New Yorkers know that a new trend is officially over as soon as it's mentioned in the NY Times. Clearly, I've forgotten this, because I actually believed they were new when the car reviewer said Volvo's integrated booster seats were "a genuine advance." New to him, anyway.
As several readers and the good government types up in Canada City know, Volvo has offered integrated booster seats--and before that, matching booster cushions--since at least the 1996 model year. 
The 1998 850 was the first car mentioned in Transport Canada's official public notice [not a recall, understand] that though Volvo's integrated booster seats were labeled as safe for kids 15 kg and up, Transport Canada only recommends booster seats for kids 18kg and up. And in some "provinces," using a booster seat with an under-18kg kid is actually "illegal." [Bonus datapoint: the notice affected about 14,000 cars, which means around 12-18% of the total units Volvo sold in Canada between 2000 and 2006 had the booster seats.]
Thankfully, the US regulatory agencies are streamlined enough to avoid such petty makework as this. Also, we don't have the metric system, so we don't know what the ($ a 15kg kid is.

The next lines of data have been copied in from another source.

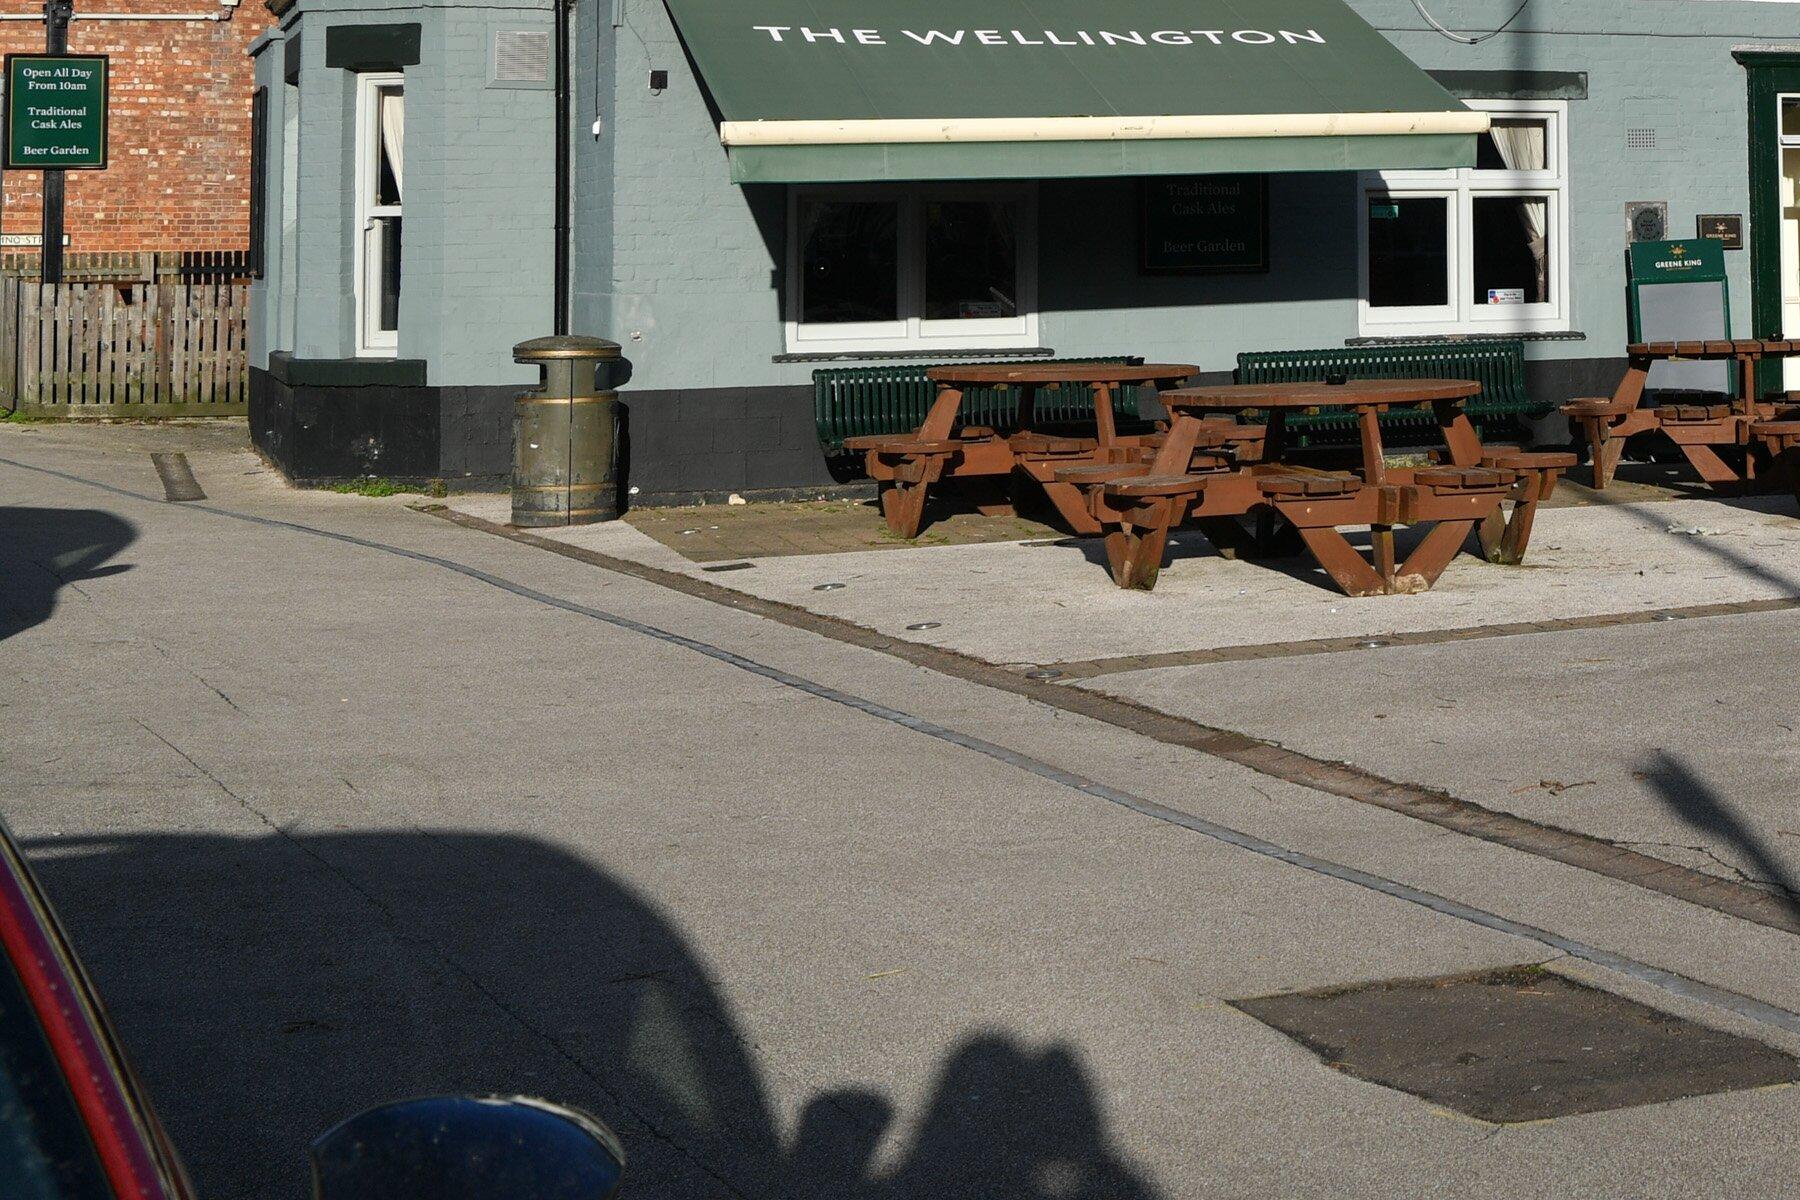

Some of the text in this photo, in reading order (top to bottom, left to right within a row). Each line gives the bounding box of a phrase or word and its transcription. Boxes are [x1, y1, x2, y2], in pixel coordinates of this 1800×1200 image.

[753, 25, 1326, 46] THE WELLINGTON
[23, 68, 92, 79] Open All Day
[28, 81, 87, 90] From 10am
[27, 106, 87, 116] Traditional
[31, 119, 82, 129] Cask Ales
[23, 145, 89, 155] Beer Garden
[1166, 182, 1240, 196] Traditional
[1172, 201, 1236, 215] Cask Ales
[1163, 240, 1246, 253] Beer Garden
[1655, 261, 1682, 269] GREENE
[1684, 259, 1702, 267] KING

 1996 models of the Volvo 850 were originally included in the notice, but were revised out. As it turns out, Volvo has been offering integrated booster seats--and even infant car seats--since 1972, just not in the US. Seems that US regulations require car seats to work in any car, another seemingly logical, yet mutually exclusive, principle. [article sounds like press release at motortrend.com]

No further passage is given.